Pese a los intentos oficiales por desacelerar la escalada inflacionaria, la brecha entre los incrementos nominales en los haberes y el costo de vida cotidiano continúa ensanchándose de manera alarmante. Este panorama deja en evidencia la profunda pérdida de capacidad de compra que atraviesa el sector registrado de la economía, erosionando los ingresos familiares a niveles que no se registraban desde hace más de dos años.
Alarma en los salarios: caída en junio y desplome frente a 2023
El poder adquisitivo de los trabajadores del sector privado formal registró en junio una baja del 0,9%, una cifra que profundiza la tendencia contractiva tras la fuerte baja del 2,9% observada en mayo.
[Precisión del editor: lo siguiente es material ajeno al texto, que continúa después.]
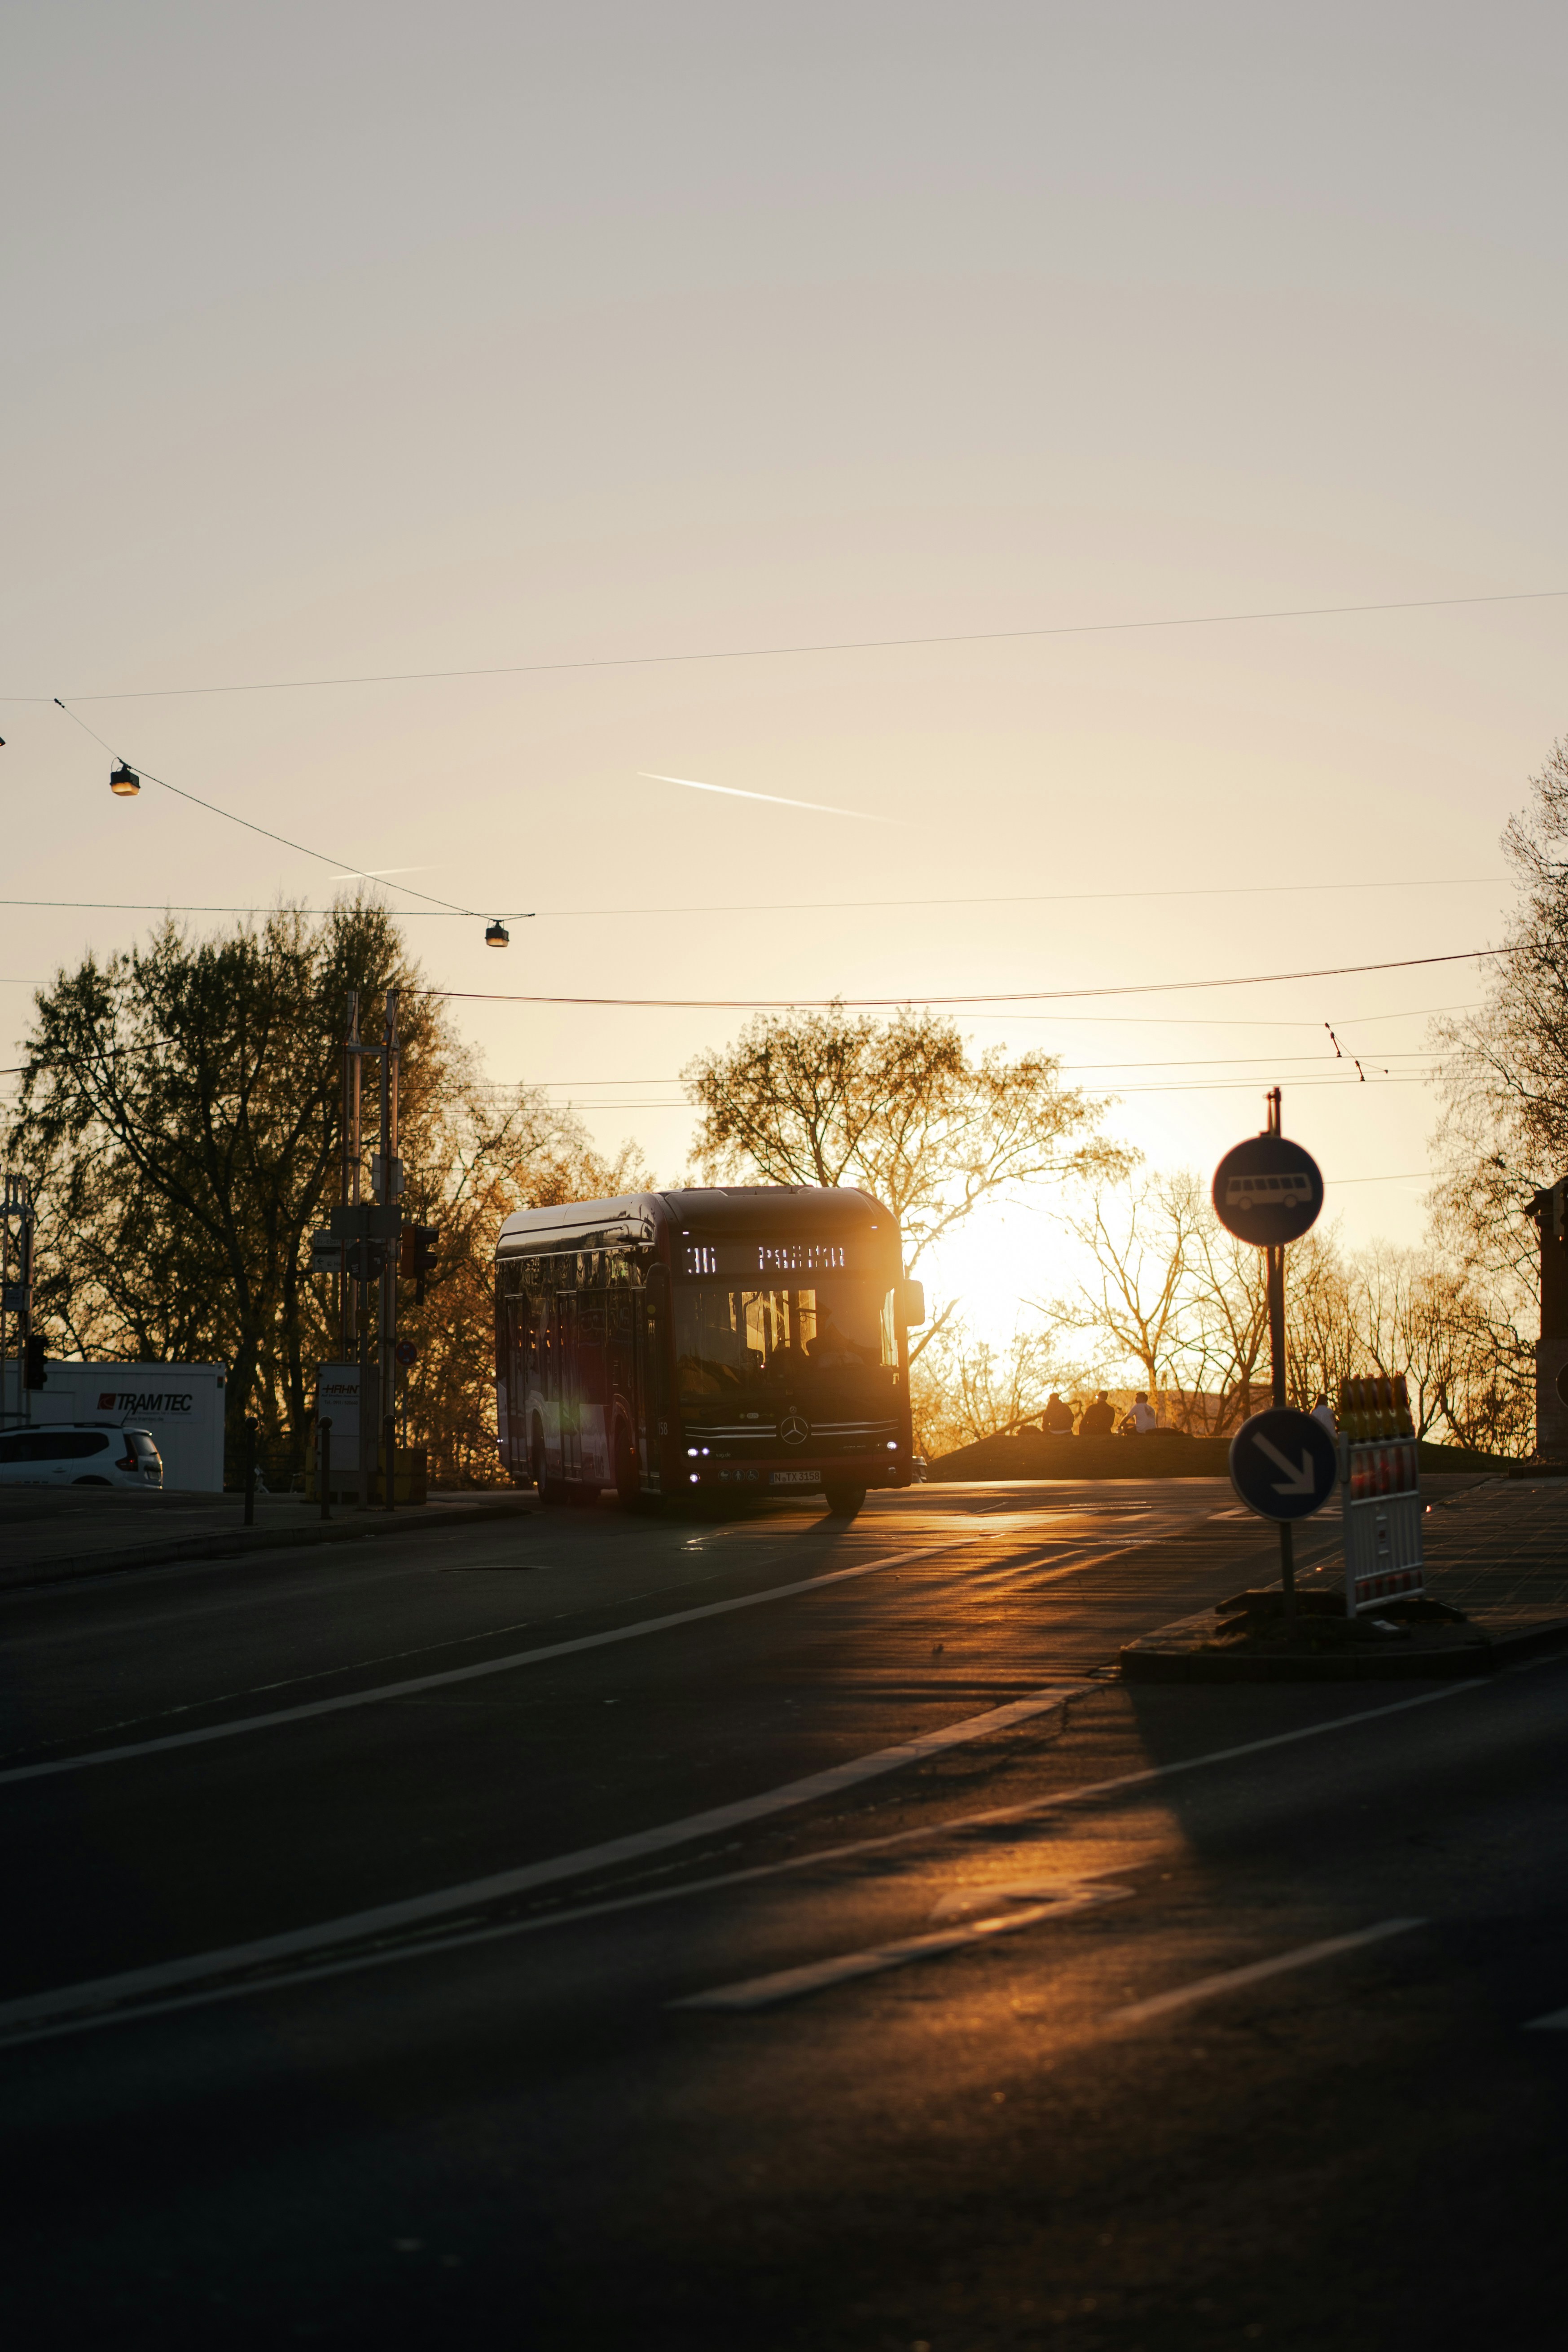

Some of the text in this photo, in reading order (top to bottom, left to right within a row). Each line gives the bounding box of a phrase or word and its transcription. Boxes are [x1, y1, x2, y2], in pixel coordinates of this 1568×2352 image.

Con esta nueva contracción, el salario medio real de junio de 2026 quedó ubicado un 0,6% por debajo de los niveles de noviembre de 2023, A partir del informe Panorama Mensual del Trabajo Registrado elaborado por el Ministerio de Capital Humano en base al SIPA.
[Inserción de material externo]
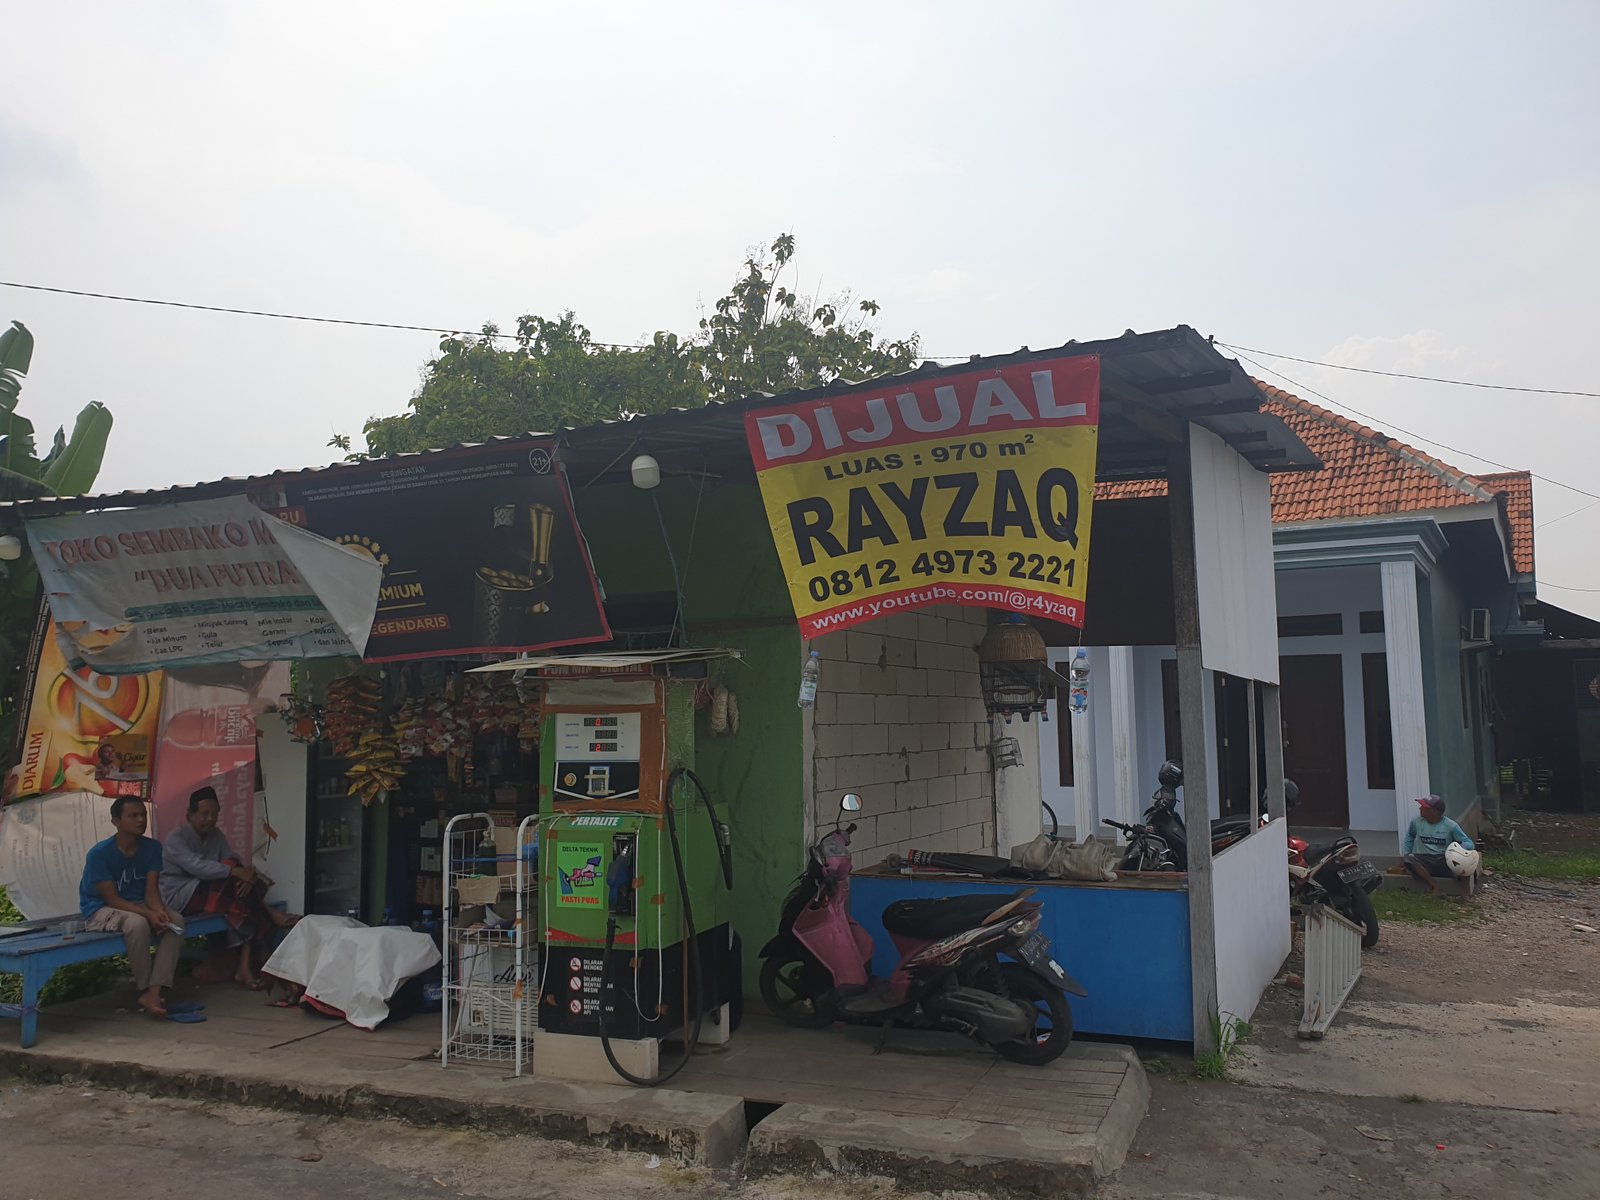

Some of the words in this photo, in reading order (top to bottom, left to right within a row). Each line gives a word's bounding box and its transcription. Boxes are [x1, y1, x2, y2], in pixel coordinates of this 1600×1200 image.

La razón principal de esta pérdida reside en que el crecimiento nominal de los sueldos se desaceleró con mayor rapidez que el Índice de Precios al Consumidor (IPC). Mientras en meses previos los ajustes nominales rondaban el 2,1%, en abril y mayo apenas alcanzaron el 1,0%. A su vez, las remuneraciones fijadas por los convenios colectivos mostraron una dinámica contractiva con un retroceso real del 0,7% desestacionalizado en el último bimestre, confirmando que la desaceleración de la inflación no bastó para compensar la suba de precios generalizada.
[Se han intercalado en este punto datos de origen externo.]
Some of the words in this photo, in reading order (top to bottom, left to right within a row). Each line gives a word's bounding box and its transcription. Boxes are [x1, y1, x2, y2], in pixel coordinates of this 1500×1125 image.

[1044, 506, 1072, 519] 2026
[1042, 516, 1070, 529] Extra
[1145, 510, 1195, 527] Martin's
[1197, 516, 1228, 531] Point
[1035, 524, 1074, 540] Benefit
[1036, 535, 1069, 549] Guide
Brecha salarial extrema: del éxito de Camioneros a la ruina industrial
A pesar del complejo escenario nacional, el reporte oficial refleja una marcada heterogeneidad entre las distintas actividades económicas. Solo un puñado reducido de gremios logró acordar aumentos por encima del índice inflacionario: el sector de Encargados de Edificio lideró los incrementos con una suba real del +5,9%, seguido por el gremio de Camioneros con una mejora del +3,1% en su capacidad de compra.
En el extremo opuesto, la realidad para la industria y el comercio tradicional es francamente crítica, registrando derrumbes de dos dígitos en términos interanuales. Los sectores más golpeados son los Textiles con un desplome del -12,6%, los Metalúrgicos con un retroceso del -12,4% y los empleados de Comercio con una caída del -11,0%. Mientras tanto, el secretario de Finanzas, Federico Furiase, afirmó en declaraciones recientes que la clave para la recuperación requiere impulsar la inversión para incrementar la productividad y recomponer los salarios reales a largo plazo.